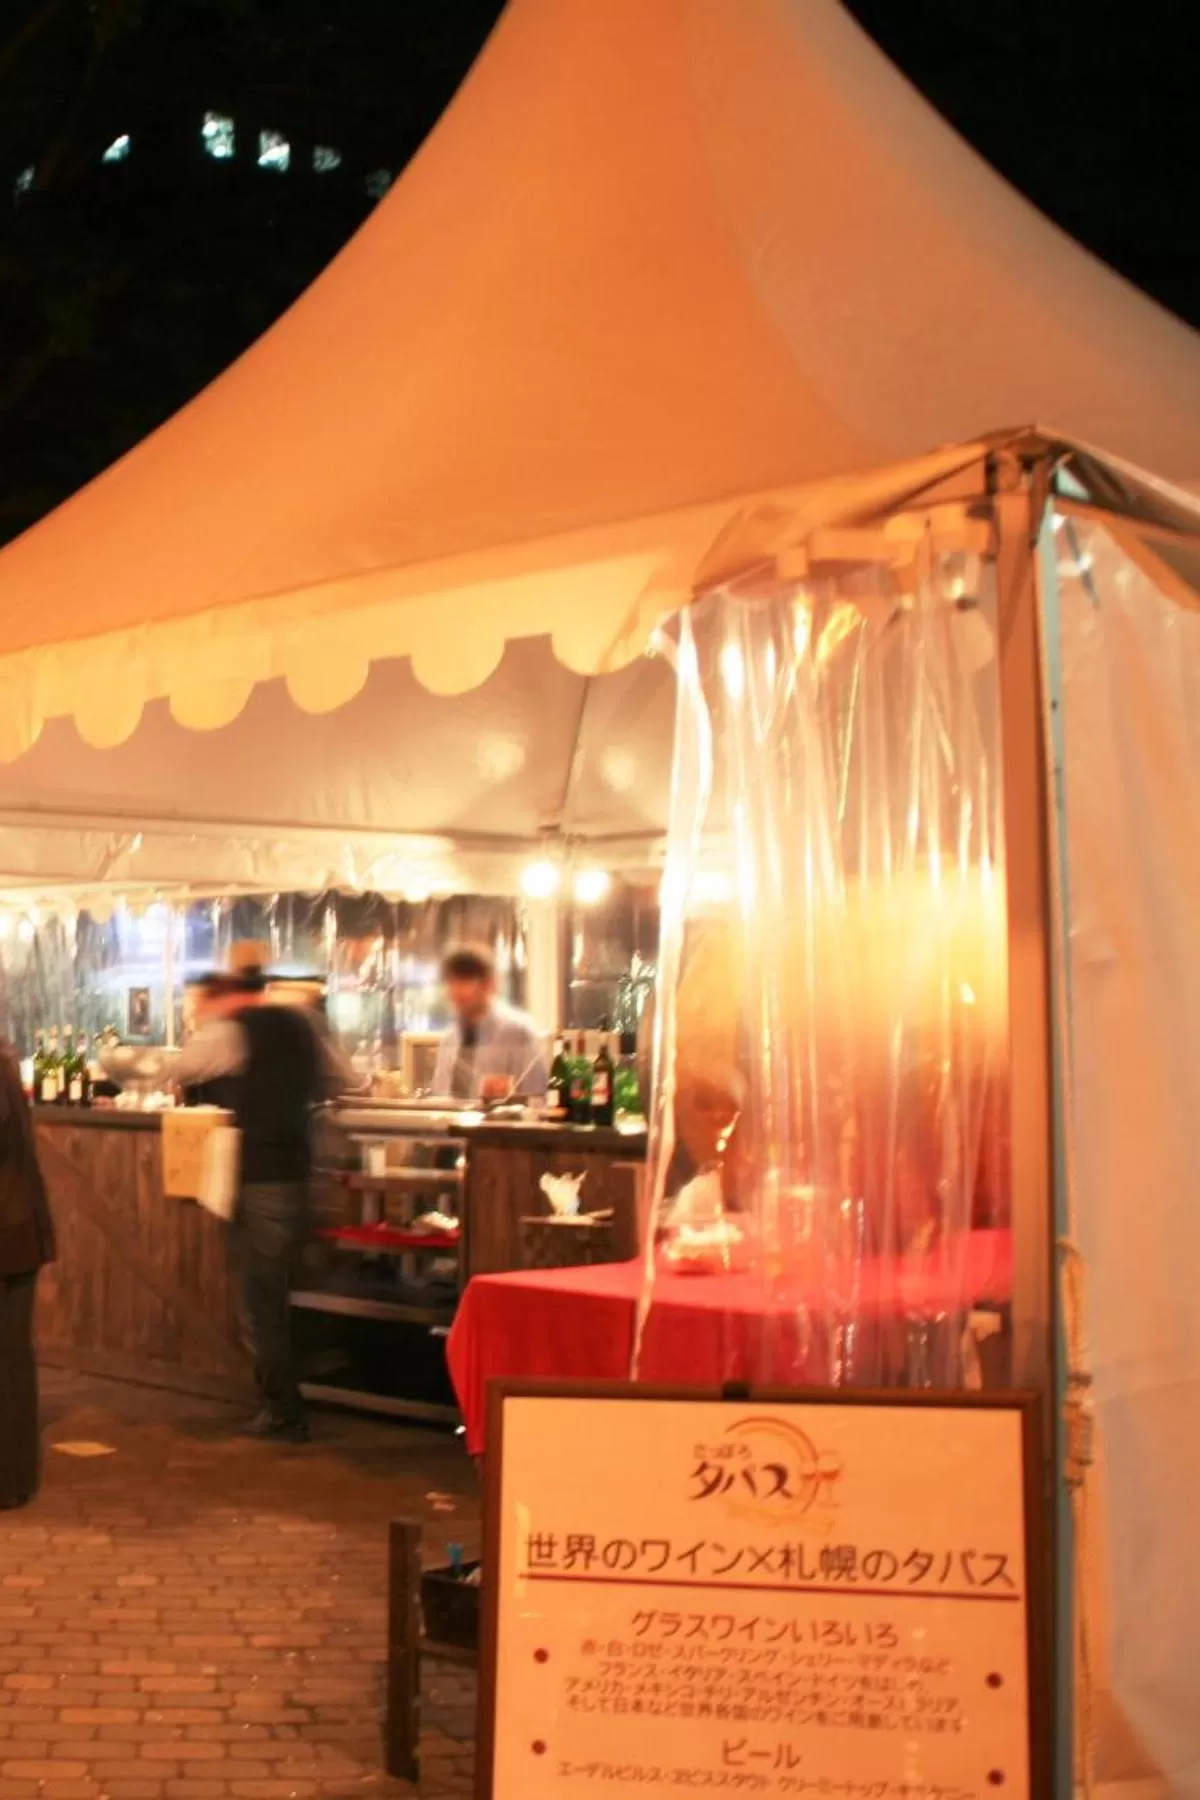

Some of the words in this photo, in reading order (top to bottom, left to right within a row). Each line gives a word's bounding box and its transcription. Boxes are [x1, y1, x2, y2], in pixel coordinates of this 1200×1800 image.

[631, 1610, 900, 1649] グラスワインいろいろ
[721, 1738, 802, 1769] ビール
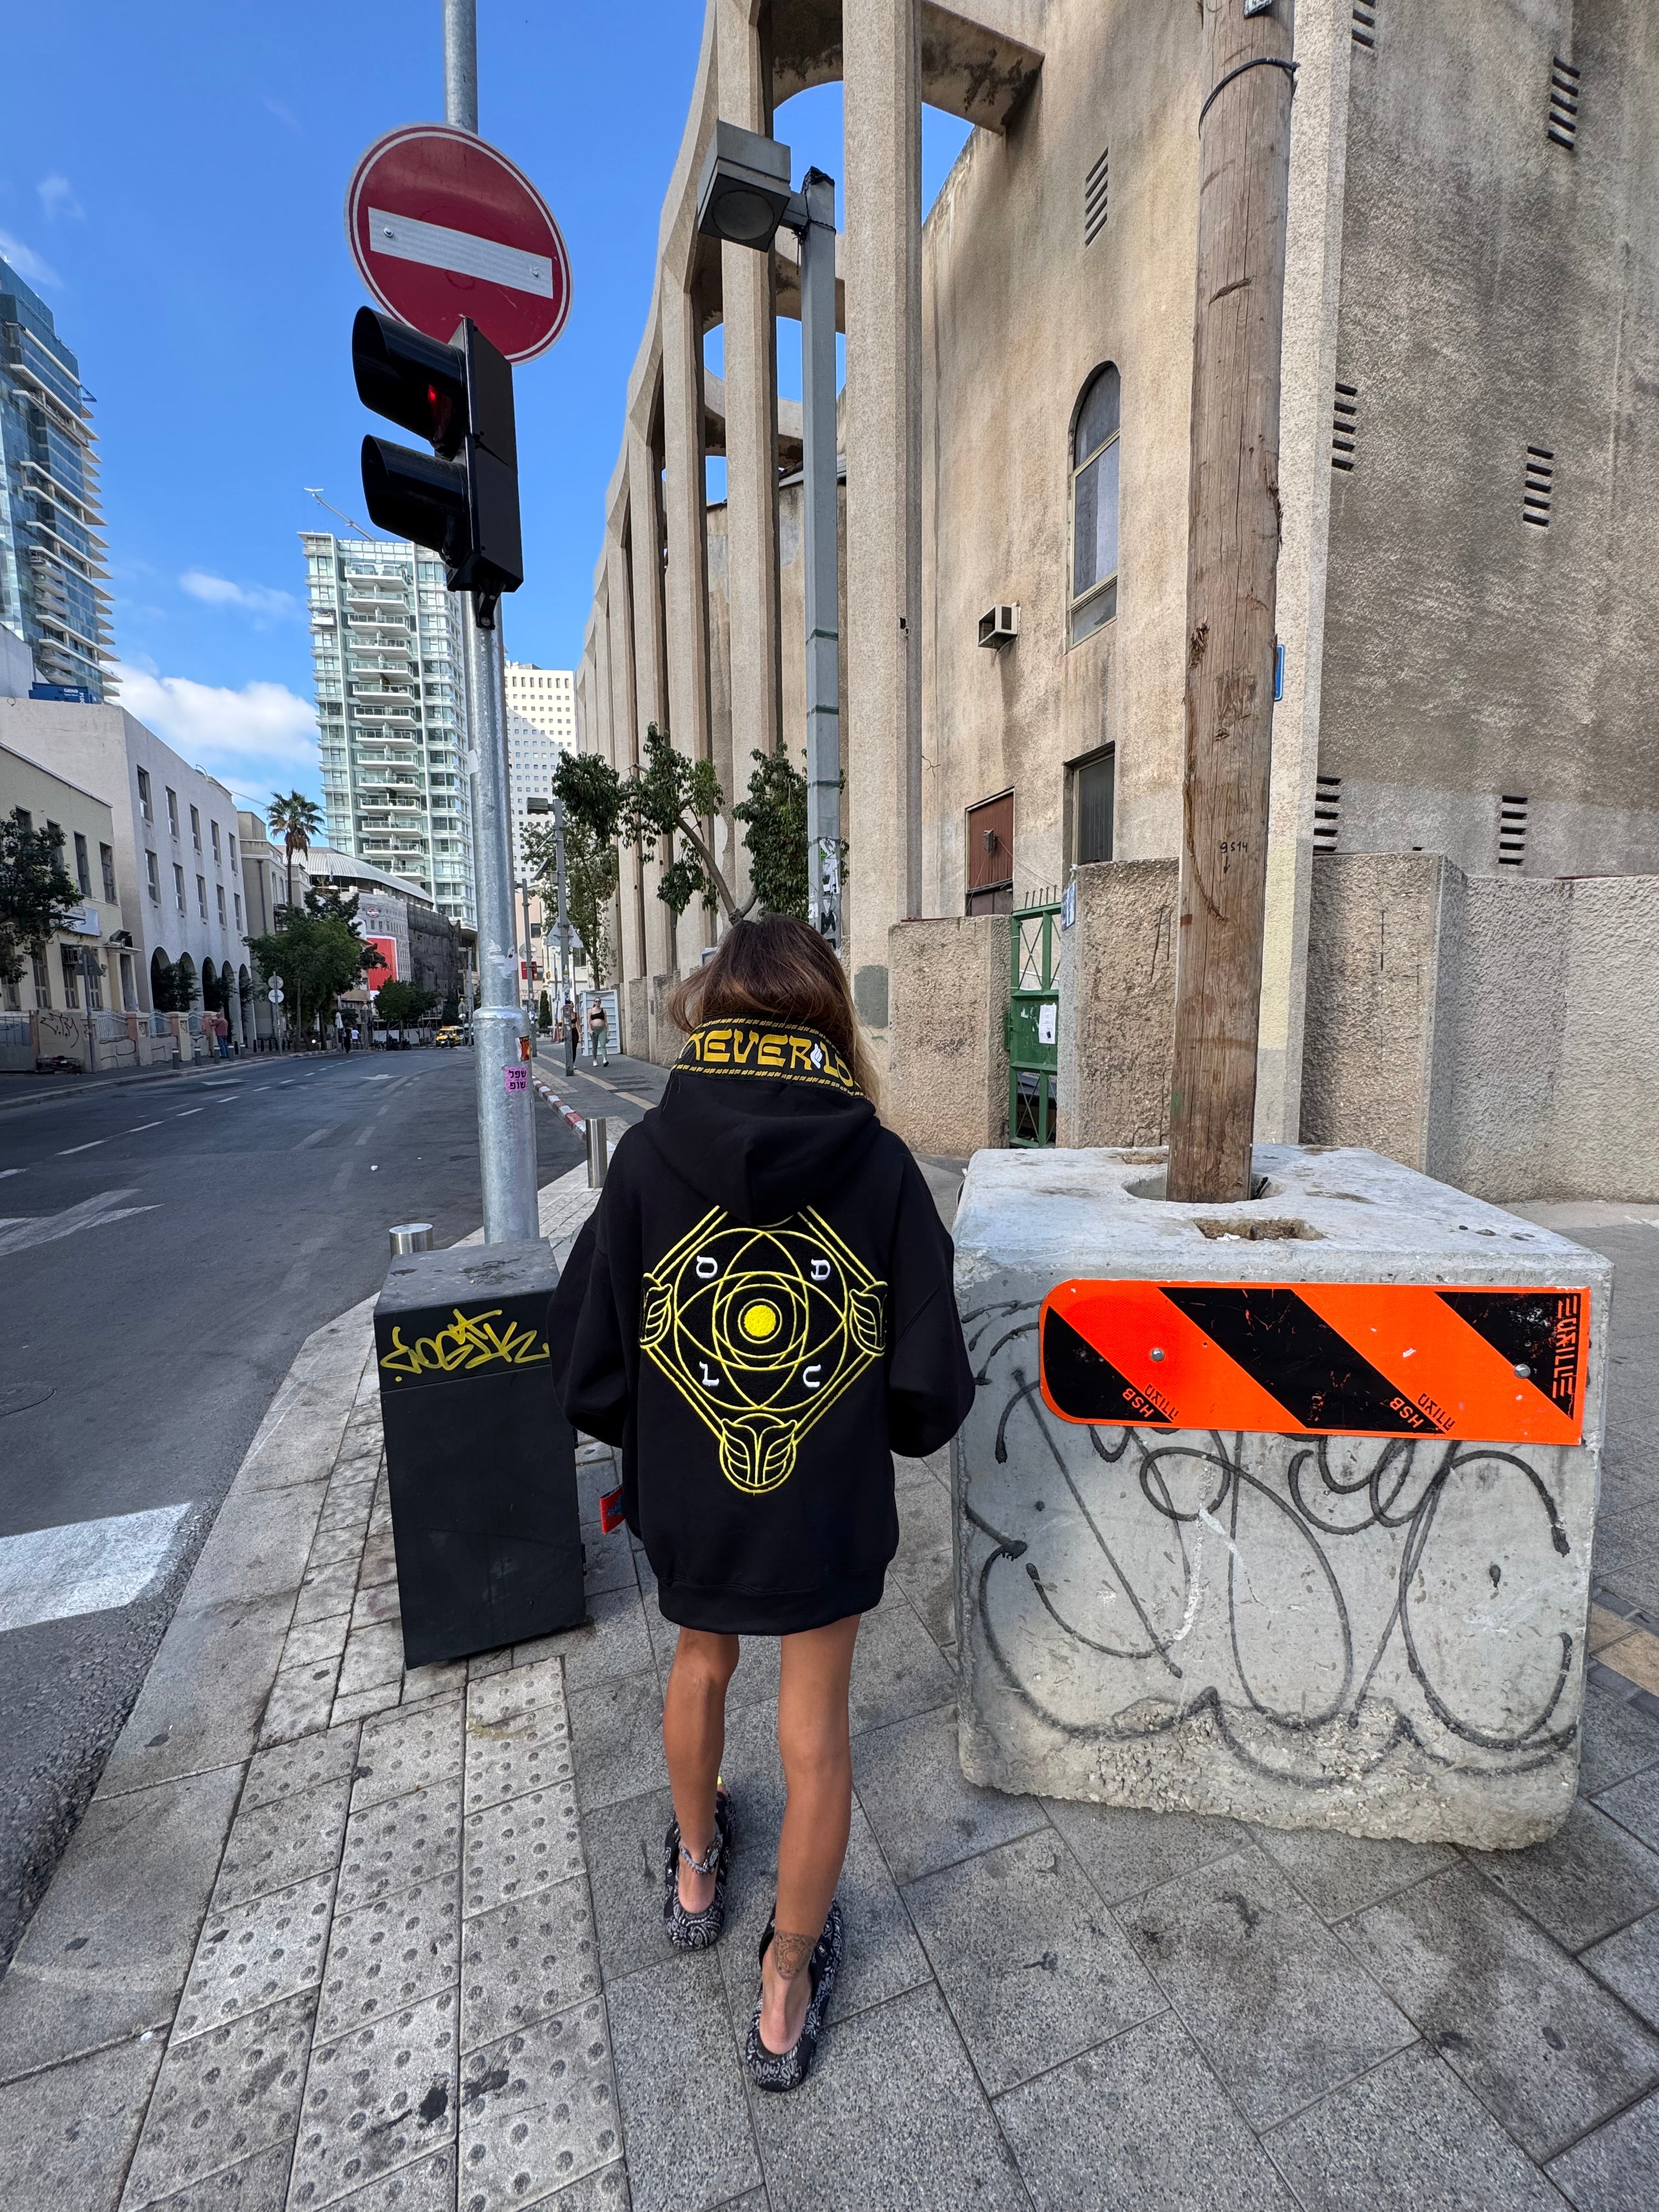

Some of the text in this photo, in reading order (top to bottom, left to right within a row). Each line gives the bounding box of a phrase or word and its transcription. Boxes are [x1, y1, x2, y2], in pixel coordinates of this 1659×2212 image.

[509, 1070, 527, 1079] שפל
[820, 1041, 861, 1089] LO
[1554, 1317, 1577, 1379] מצודה
[1122, 1388, 1154, 1418] HSB
[1144, 1383, 1180, 1420] מצודה
[1390, 1397, 1424, 1429] HSB
[1417, 1392, 1456, 1431] מצודה

> **Work instructions**: Set the material above down again word for word. Include none of its pictures.

> **Result of this task**:
Some of the words in this photo, in reading order (top to bottom, left to right within a row). Each line gives a word's bounding box and its transcription. Boxes are [x1, y1, x2, y2], in pixel coordinates of this 1200×1800 image.

[631, 1610, 900, 1649] グラスワインいろいろ
[721, 1738, 802, 1769] ビール

Some of the text in this photo, in reading order (top to bottom, left to right within a row). Each line gives the bounding box of a phrase or word and its transcription. Boxes are [x1, y1, x2, y2], in pixel coordinates of this 1659×2212 image.

[509, 1070, 527, 1079] שפל
[820, 1041, 861, 1089] LO
[1554, 1317, 1577, 1379] מצודה
[1122, 1388, 1154, 1418] HSB
[1144, 1383, 1180, 1420] מצודה
[1390, 1397, 1424, 1429] HSB
[1417, 1392, 1456, 1431] מצודה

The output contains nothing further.